Create C# SOAP Proxy classes with Microsoft wsdl tool

11/24/2018

Steps to create C# SOAP Proxy classes with Microsoft wsdl tool

For developing apps that support service reference (e.g. UWP apps), one can consume web services defined by WSDL files by adding a service reference in VS and using the generated proxy classes.  The approach requires the platform supports namespace System.ServiceModel which inner working is quite convoluted, so it is rigid, hard to customize to accommodate any special situation, especially, some authentication method. 
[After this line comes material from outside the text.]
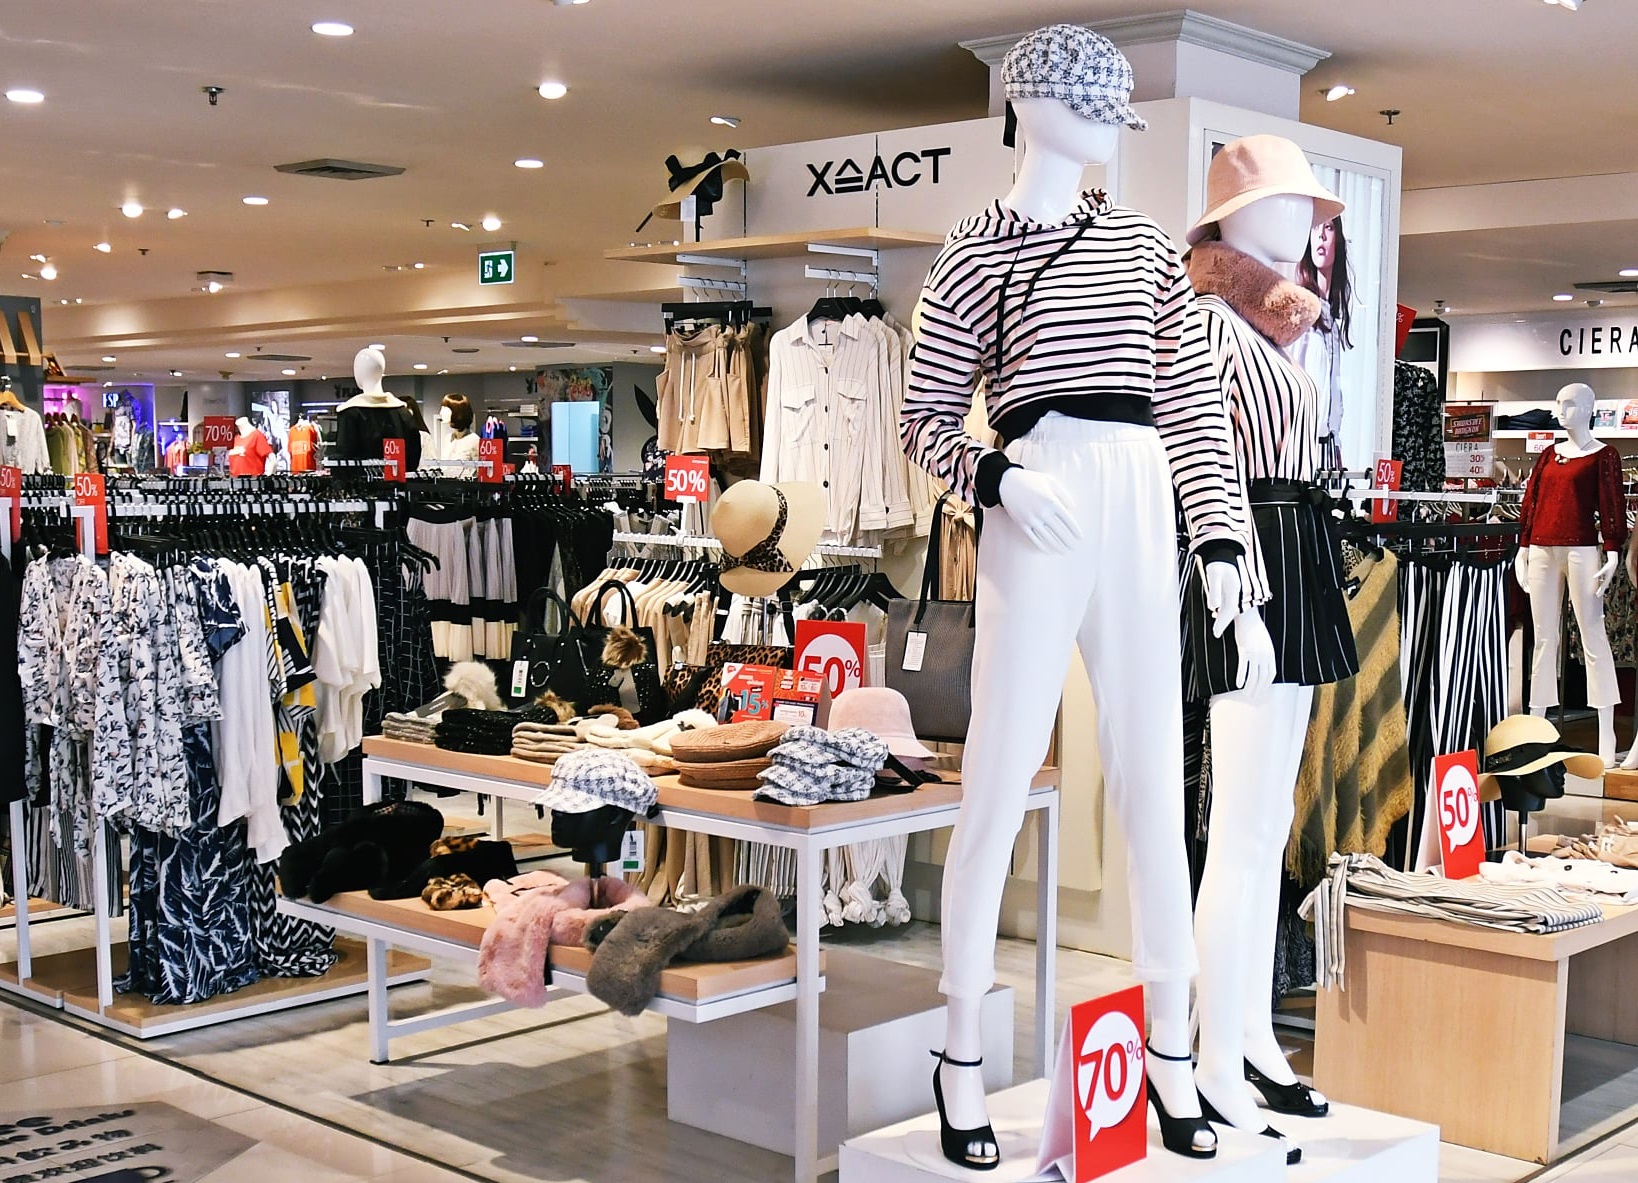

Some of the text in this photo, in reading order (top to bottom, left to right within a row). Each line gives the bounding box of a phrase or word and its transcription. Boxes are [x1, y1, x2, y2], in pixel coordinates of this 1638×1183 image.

Another approach is generating relevant classes from WSDL files and construct SOAP messages with basic XML serialization and HTTP request classes without using System.ServiceModel at all, hence making it application to many platforms.  One can make some general SOAP and serialization methods that can be used by all SOAP requests practically, but hand-crafting every method corresponding to each of hundreds or thousands of requests defined in multiple WSDL files is impractical.  A viable approach is using VS to generate the proxy classes in Reference.cs, and adapt that file for general use in following steps:

  1. Adding a service reference in VS. One may add on WSDL URL first, then edit the MetadataSources tag of Reference.svcmap to add multiple WSDL URLs, and update the reference.
  2. Comment out all [System.ServiceModel.xxxAttribute(...)]
  3. Comment out all [return: System.ServiceModel.MessageParameterAttribute(Name="...")]
  4. Remove all references to System.ServiceModel.IClientChannel
  5. Create methods to send and receive SOAP messages.  There are different ways to do it.